• [PROBLEM DESCRIPTION]: The listing is to be reproduced in full, with no character altered.

• [EXERCISE DATA]:
****************
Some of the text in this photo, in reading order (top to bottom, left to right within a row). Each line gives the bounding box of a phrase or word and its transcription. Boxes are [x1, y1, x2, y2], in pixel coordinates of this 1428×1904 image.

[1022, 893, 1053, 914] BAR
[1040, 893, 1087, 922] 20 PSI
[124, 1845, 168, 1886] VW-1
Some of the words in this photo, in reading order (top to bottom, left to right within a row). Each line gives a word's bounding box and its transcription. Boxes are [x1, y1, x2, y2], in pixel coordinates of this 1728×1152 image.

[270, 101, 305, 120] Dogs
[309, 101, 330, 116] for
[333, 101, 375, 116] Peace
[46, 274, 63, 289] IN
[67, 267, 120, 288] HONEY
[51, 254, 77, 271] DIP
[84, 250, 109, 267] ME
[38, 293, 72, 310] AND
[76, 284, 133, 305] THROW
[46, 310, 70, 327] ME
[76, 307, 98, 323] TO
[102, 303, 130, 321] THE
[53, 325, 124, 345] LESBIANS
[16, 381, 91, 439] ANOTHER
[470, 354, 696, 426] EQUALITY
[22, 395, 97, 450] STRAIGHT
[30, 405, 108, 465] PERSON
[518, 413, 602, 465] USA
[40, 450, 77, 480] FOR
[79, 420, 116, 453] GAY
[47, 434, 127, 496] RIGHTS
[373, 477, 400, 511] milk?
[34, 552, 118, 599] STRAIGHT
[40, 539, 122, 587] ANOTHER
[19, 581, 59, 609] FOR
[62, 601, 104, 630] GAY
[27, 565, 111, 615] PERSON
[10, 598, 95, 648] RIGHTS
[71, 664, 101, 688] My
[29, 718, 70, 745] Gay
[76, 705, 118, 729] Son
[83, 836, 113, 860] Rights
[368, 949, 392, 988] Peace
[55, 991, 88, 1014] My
****************
• [TASK OUTPUT]:
Some of the text in this photo, in reading order (top to bottom, left to right within a row). Each line gives the bounding box of a phrase or word and its transcription. Boxes are [x1, y1, x2, y2], in pixel coordinates of this 1428×1904 image.

[1022, 893, 1053, 914] BAR
[1040, 893, 1087, 922] 20 PSI
[124, 1845, 168, 1886] VW-1
Some of the words in this photo, in reading order (top to bottom, left to right within a row). Each line gives a word's bounding box and its transcription. Boxes are [x1, y1, x2, y2], in pixel coordinates of this 1728×1152 image.

[270, 101, 305, 120] Dogs
[309, 101, 330, 116] for
[333, 101, 375, 116] Peace
[46, 274, 63, 289] IN
[67, 267, 120, 288] HONEY
[51, 254, 77, 271] DIP
[84, 250, 109, 267] ME
[38, 293, 72, 310] AND
[76, 284, 133, 305] THROW
[46, 310, 70, 327] ME
[76, 307, 98, 323] TO
[102, 303, 130, 321] THE
[53, 325, 124, 345] LESBIANS
[16, 381, 91, 439] ANOTHER
[470, 354, 696, 426] EQUALITY
[22, 395, 97, 450] STRAIGHT
[30, 405, 108, 465] PERSON
[518, 413, 602, 465] USA
[40, 450, 77, 480] FOR
[79, 420, 116, 453] GAY
[47, 434, 127, 496] RIGHTS
[373, 477, 400, 511] milk?
[34, 552, 118, 599] STRAIGHT
[40, 539, 122, 587] ANOTHER
[19, 581, 59, 609] FOR
[62, 601, 104, 630] GAY
[27, 565, 111, 615] PERSON
[10, 598, 95, 648] RIGHTS
[71, 664, 101, 688] My
[29, 718, 70, 745] Gay
[76, 705, 118, 729] Son
[83, 836, 113, 860] Rights
[368, 949, 392, 988] Peace
[55, 991, 88, 1014] My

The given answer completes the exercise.